The boardwalk in Atlantic City, New Jersey in 1908

It opened on June 26, 1870. When it opened, it was a temporary structure erected for the summer season that was the first boardwalk in the world. The first pier along the boardwalk, Applegate's Pier, opened in 1884. It was acquired by John L. Young in 1891, who expanded and operated it as Young's Ocean Pier, but it was mostly destroyed in a 1912 fire. The remaining part of the pier was rebuilt in 1922 as the Central Pier, which is still in operation.

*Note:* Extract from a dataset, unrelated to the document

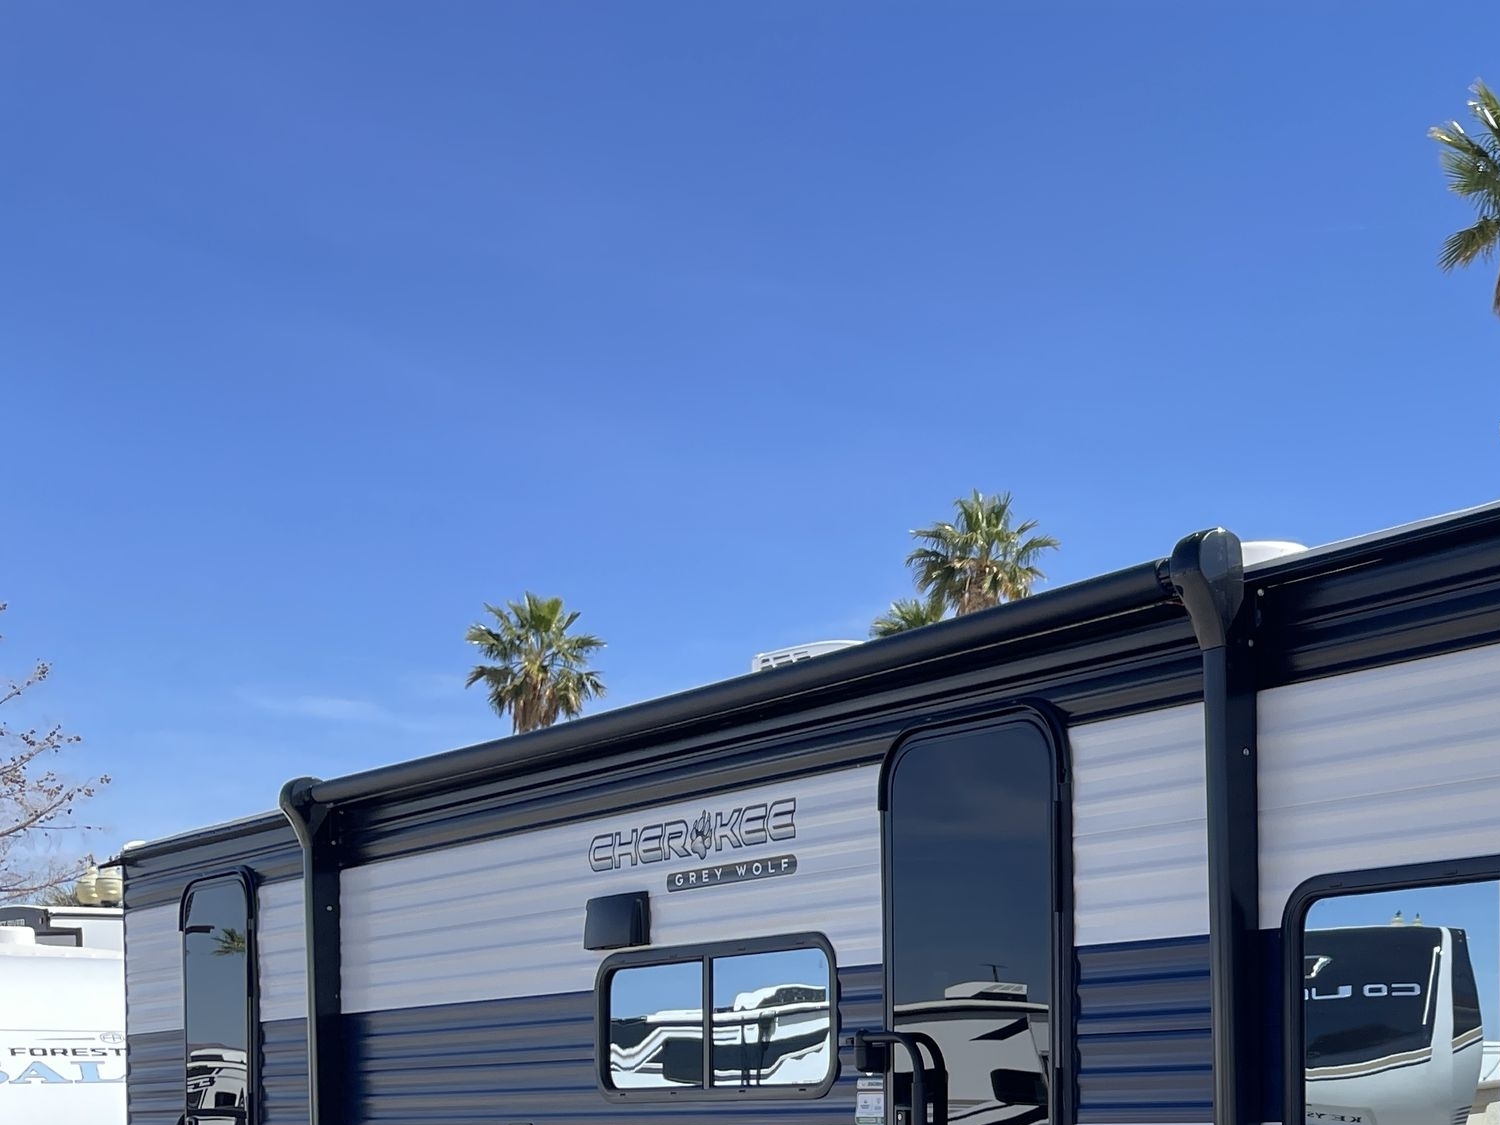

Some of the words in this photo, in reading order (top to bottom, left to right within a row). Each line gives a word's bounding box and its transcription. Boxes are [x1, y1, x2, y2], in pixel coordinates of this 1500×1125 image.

[675, 868, 722, 886] GREY
[735, 858, 789, 877] WOLF
[8, 1047, 126, 1056] FOREST
[0, 1060, 126, 1085] AL

A Heinz-owned pier named Heinz Pier was destroyed in the 1944 Great Atlantic hurricane.

The most famous Atlantic City pier was Steel Pier, which opened in 1898, and which once billed itself as "The Showplace of the Nation". It closed in 1978, and was mostly destroyed in a 1982 fire. It was rebuilt in the late 1980s and is now operated as an amusement pier across from the Hard Rock.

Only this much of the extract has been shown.